- Opening Delimiter -
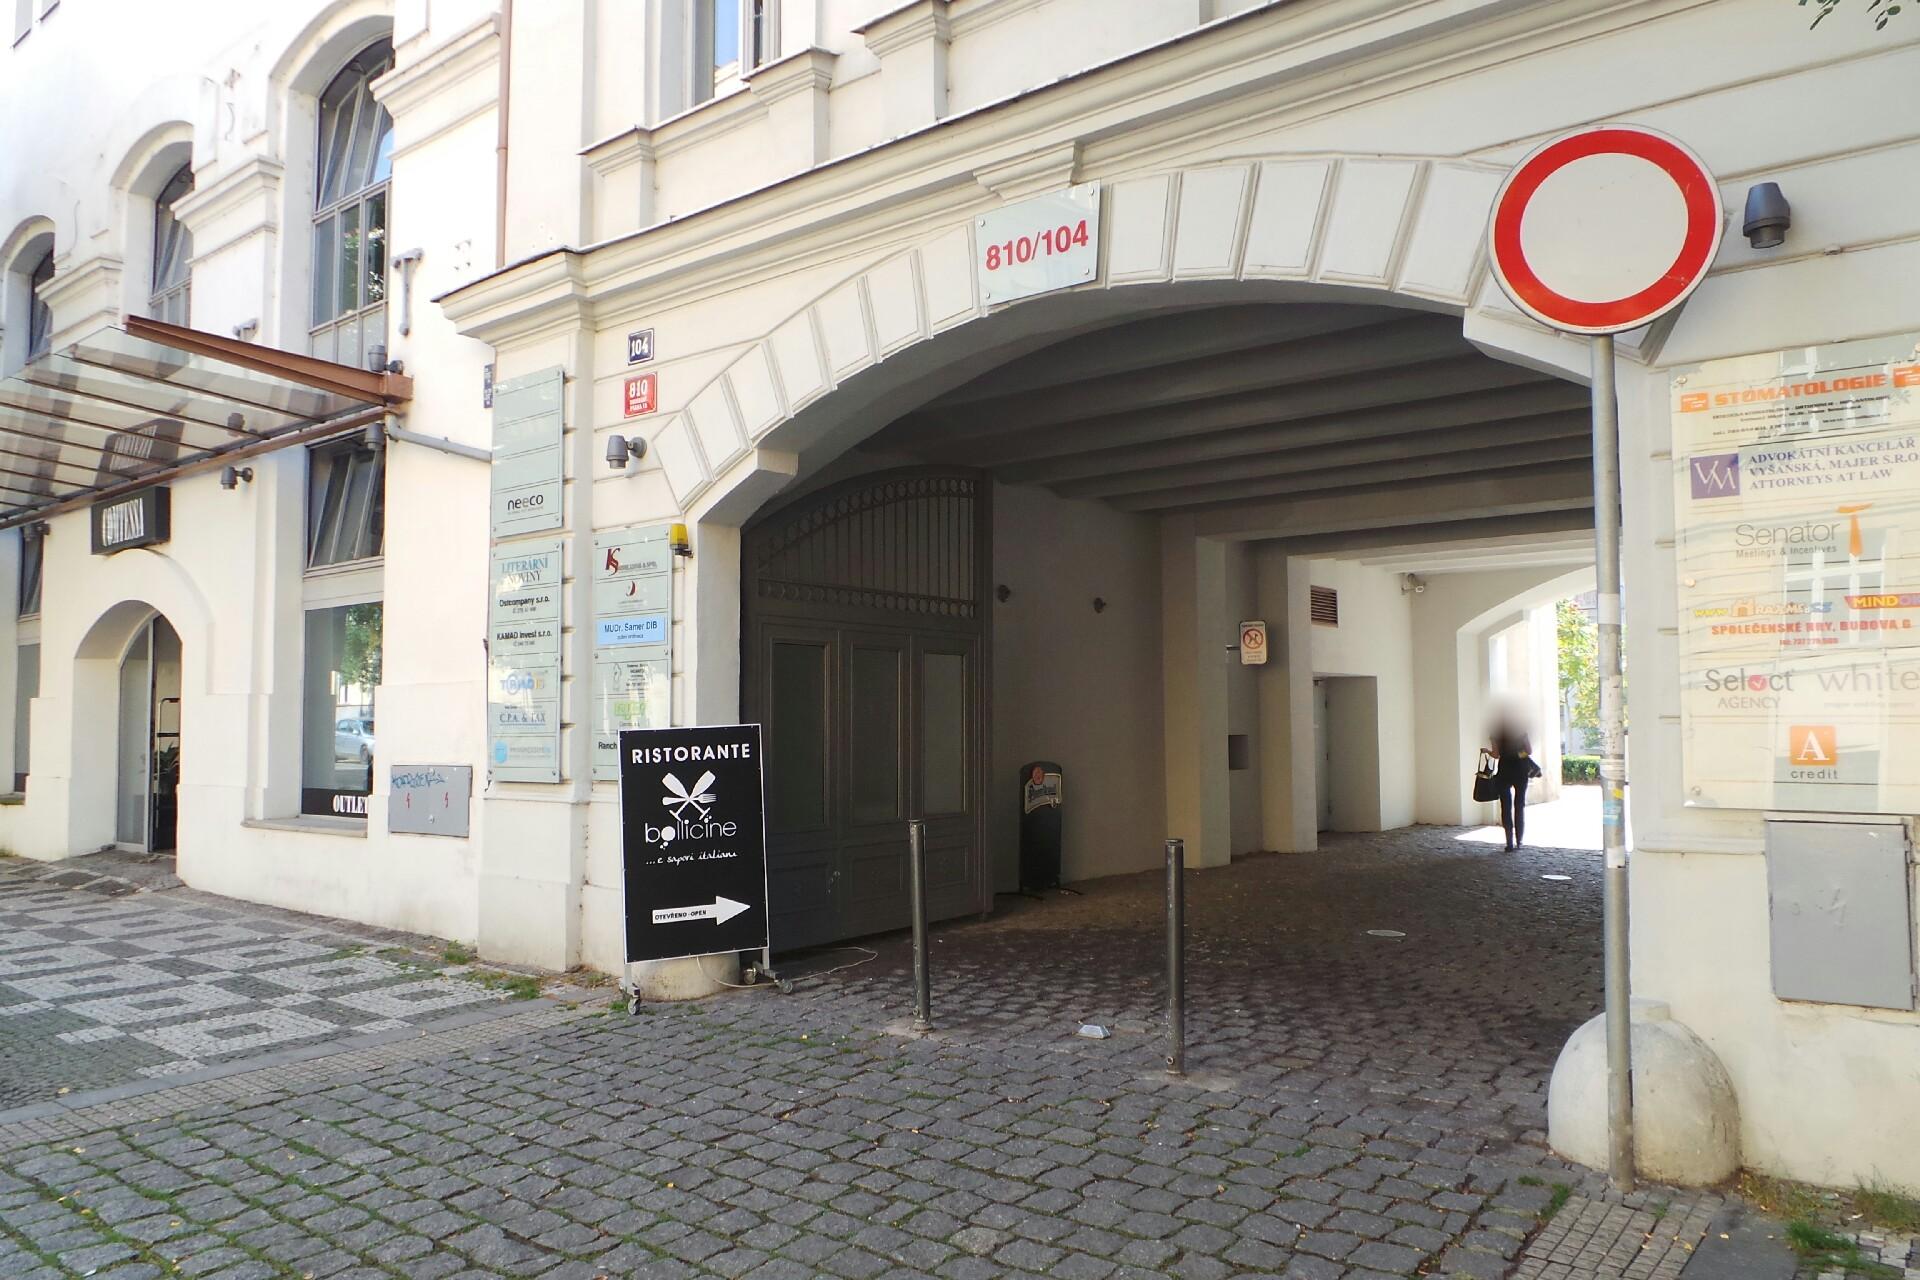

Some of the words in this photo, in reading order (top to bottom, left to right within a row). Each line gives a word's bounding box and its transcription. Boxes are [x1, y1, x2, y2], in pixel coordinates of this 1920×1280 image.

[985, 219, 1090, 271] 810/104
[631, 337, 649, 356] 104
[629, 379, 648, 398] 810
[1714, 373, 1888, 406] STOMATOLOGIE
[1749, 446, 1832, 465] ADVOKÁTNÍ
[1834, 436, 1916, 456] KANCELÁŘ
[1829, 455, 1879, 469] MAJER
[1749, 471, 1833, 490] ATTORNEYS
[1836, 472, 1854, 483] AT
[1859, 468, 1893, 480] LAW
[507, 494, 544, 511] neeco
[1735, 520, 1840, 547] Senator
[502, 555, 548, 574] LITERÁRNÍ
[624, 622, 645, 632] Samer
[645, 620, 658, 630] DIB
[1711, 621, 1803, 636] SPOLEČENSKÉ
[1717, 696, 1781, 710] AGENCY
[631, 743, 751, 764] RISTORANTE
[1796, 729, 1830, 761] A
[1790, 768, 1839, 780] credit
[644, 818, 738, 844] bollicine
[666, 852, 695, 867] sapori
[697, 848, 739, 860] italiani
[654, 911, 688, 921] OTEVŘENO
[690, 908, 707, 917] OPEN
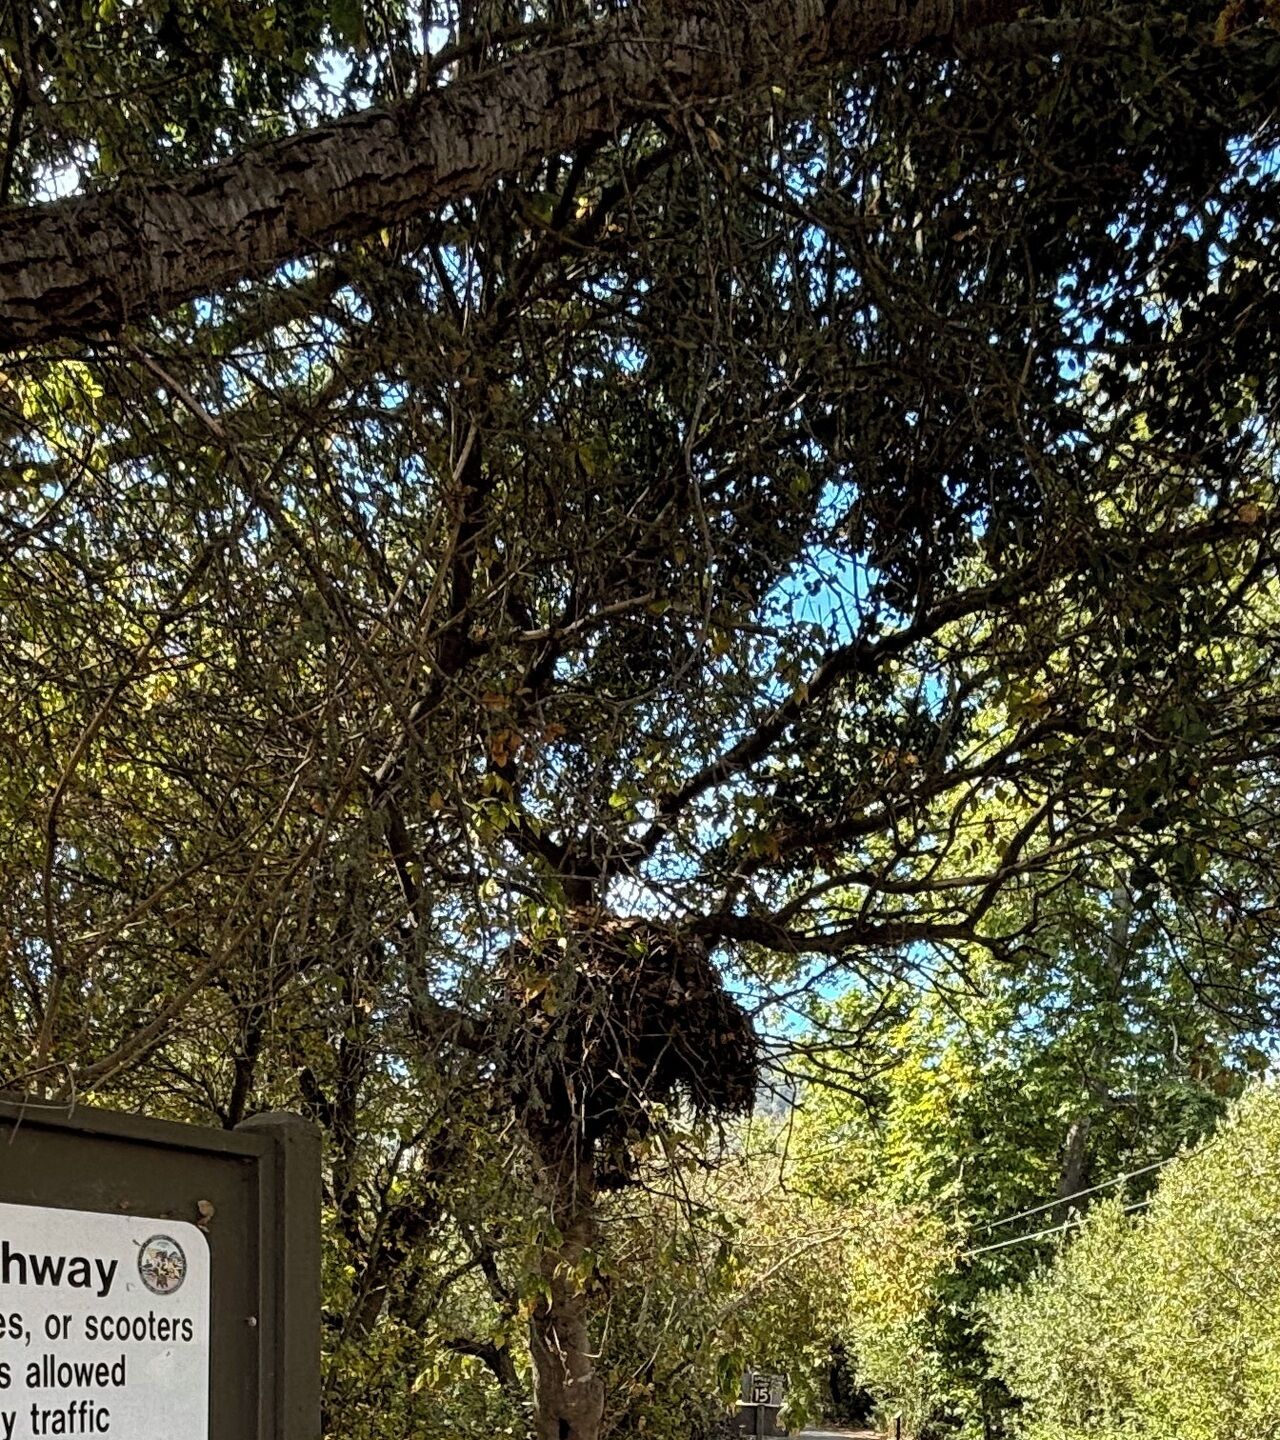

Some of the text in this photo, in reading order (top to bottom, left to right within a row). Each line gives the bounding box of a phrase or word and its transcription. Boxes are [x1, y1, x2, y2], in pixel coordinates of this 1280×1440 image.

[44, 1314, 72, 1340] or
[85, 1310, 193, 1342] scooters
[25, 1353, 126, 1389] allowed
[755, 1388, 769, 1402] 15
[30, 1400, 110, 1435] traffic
- Closing Delimiter -
:: What the exercise asks ::
Each line of the data above must be repeated exactly, images excluded.

:: Answer space ::
Some of the words in this photo, in reading order (top to bottom, left to right within a row). Each line gives a word's bounding box and its transcription. Boxes are [x1, y1, x2, y2], in pixel coordinates of this 1920×1280 image.

[985, 219, 1090, 271] 810/104
[631, 337, 649, 356] 104
[629, 379, 648, 398] 810
[1714, 373, 1888, 406] STOMATOLOGIE
[1749, 446, 1832, 465] ADVOKÁTNÍ
[1834, 436, 1916, 456] KANCELÁŘ
[1829, 455, 1879, 469] MAJER
[1749, 471, 1833, 490] ATTORNEYS
[1836, 472, 1854, 483] AT
[1859, 468, 1893, 480] LAW
[507, 494, 544, 511] neeco
[1735, 520, 1840, 547] Senator
[502, 555, 548, 574] LITERÁRNÍ
[624, 622, 645, 632] Samer
[645, 620, 658, 630] DIB
[1711, 621, 1803, 636] SPOLEČENSKÉ
[1717, 696, 1781, 710] AGENCY
[631, 743, 751, 764] RISTORANTE
[1796, 729, 1830, 761] A
[1790, 768, 1839, 780] credit
[644, 818, 738, 844] bollicine
[666, 852, 695, 867] sapori
[697, 848, 739, 860] italiani
[654, 911, 688, 921] OTEVŘENO
[690, 908, 707, 917] OPEN

Some of the text in this photo, in reading order (top to bottom, left to right within a row). Each line gives the bounding box of a phrase or word and its transcription. Boxes are [x1, y1, x2, y2], in pixel coordinates of this 1280×1440 image.

[44, 1314, 72, 1340] or
[85, 1310, 193, 1342] scooters
[25, 1353, 126, 1389] allowed
[755, 1388, 769, 1402] 15
[30, 1400, 110, 1435] traffic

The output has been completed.